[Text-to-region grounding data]
_ _ _

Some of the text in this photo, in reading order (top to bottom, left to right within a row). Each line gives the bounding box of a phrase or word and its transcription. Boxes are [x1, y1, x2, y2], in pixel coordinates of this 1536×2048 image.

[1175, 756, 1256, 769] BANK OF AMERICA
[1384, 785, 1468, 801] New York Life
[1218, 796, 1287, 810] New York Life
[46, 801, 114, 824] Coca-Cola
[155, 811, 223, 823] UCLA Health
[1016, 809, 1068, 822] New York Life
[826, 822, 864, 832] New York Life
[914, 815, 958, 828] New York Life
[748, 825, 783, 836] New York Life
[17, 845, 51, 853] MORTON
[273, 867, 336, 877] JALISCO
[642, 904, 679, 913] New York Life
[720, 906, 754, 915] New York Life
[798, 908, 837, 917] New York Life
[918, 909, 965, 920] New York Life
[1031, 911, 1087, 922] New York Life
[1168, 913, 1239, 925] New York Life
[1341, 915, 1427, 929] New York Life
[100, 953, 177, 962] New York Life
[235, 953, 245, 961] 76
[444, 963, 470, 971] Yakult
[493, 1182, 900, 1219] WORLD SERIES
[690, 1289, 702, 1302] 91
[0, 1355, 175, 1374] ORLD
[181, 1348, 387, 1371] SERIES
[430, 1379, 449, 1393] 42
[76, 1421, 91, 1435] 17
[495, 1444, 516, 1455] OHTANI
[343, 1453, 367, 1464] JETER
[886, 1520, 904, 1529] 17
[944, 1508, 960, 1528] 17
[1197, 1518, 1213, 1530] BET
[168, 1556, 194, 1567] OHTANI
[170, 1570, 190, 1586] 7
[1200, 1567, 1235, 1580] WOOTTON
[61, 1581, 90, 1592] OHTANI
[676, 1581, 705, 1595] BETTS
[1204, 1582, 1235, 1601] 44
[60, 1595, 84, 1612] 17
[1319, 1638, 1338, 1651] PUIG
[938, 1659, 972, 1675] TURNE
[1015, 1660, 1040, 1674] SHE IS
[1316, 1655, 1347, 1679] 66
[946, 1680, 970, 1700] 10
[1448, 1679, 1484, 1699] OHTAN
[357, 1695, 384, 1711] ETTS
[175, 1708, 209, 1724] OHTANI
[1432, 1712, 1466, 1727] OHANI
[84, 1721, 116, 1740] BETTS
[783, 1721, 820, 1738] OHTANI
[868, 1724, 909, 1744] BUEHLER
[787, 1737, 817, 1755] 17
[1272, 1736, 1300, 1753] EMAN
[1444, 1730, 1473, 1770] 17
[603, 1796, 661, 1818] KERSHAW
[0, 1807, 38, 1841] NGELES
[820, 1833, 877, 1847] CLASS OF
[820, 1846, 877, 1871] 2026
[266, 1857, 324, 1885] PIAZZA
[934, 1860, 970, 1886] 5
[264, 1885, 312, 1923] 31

_ _ _

:: Exercise goal ::
Go through the data above and find the lines with the word "OHTANI". Copy each of those lines.

:: Task answer ::
[495, 1444, 516, 1455] OHTANI
[168, 1556, 194, 1567] OHTANI
[61, 1581, 90, 1592] OHTANI
[175, 1708, 209, 1724] OHTANI
[783, 1721, 820, 1738] OHTANI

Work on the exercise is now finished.